Don Omobono non aveva petto da resistere a tanta furia, e conobbe che innanzi a quella tempesta, era forza ripiegare le vele. Si ricacciò in testa il cappellaccio, ch’era ridotto in uno stato da non dire, e infilò la porta borbottando fra i denti.
Riprese poscia la via, non già con passo allegro e frettoloso, come aveva fatto prima, ma camminando lento lento, e di sghimbescio, chè lo turbava l’idea di ritornare innanzi a padre Bindi con una prova palese della sua imbecillità, e con una solenne lavata di capo in prospettiva.
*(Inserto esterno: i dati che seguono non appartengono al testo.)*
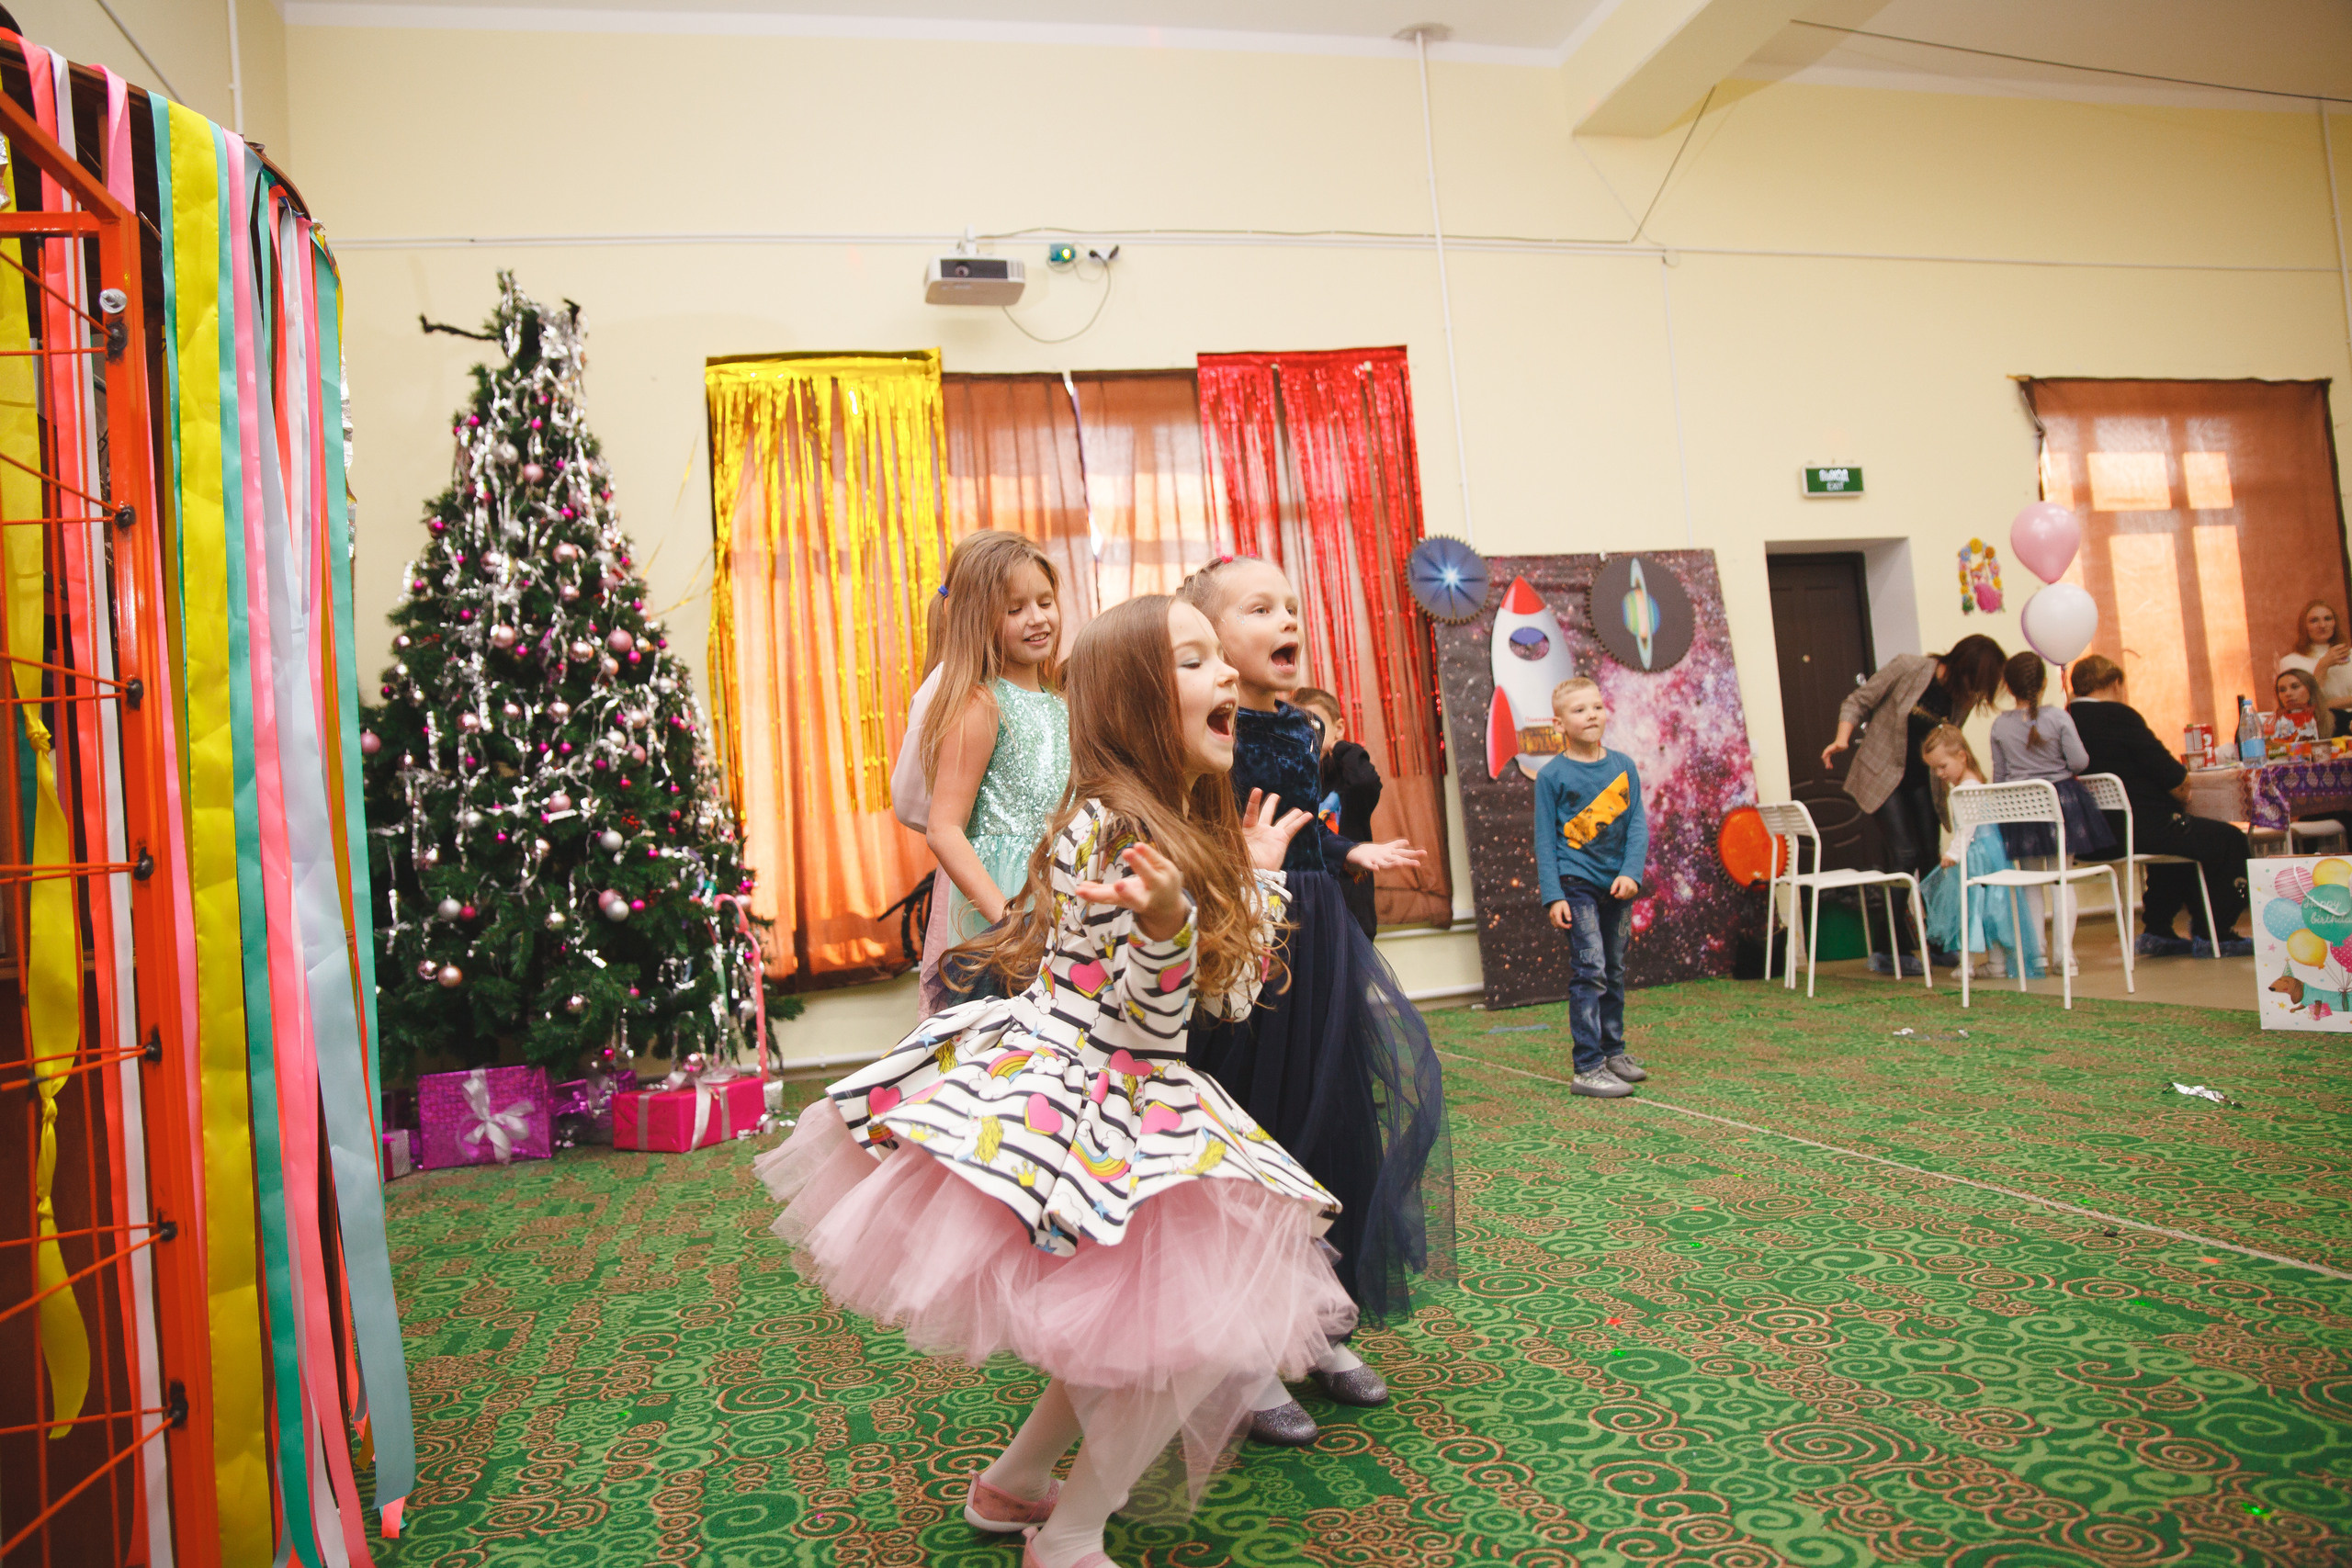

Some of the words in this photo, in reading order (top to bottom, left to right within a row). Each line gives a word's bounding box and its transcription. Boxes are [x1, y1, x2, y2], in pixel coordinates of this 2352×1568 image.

[1819, 468, 1849, 482] ВЫХОД
[1826, 481, 1845, 491] EXIT
[2311, 911, 2352, 924] birthda
Più si avvicinava al Gesù, più avrebbe voluto esserne lontano, e gli avveniva spesso di fare, senza accorgersene, un passò innanzi e due indietro. Nemmeno la vista della finestra aperta, che indicava la morte dell’ammalato, valse a rinfrancarlo, ed esso entrò a capo chino e in aspetto ritroso nel convento del Gesù, e salì alle stanze di padre Bindi.
— Ebbene gli chiese questi.
Ebbene, io sono un asino, reverenza! riprese don Omobono, con quel tuono di compunzione con cui si recita il Confiteor. E vostra reverenza ha fatto male a scegliere un asino come me per una missione di tanta importanza.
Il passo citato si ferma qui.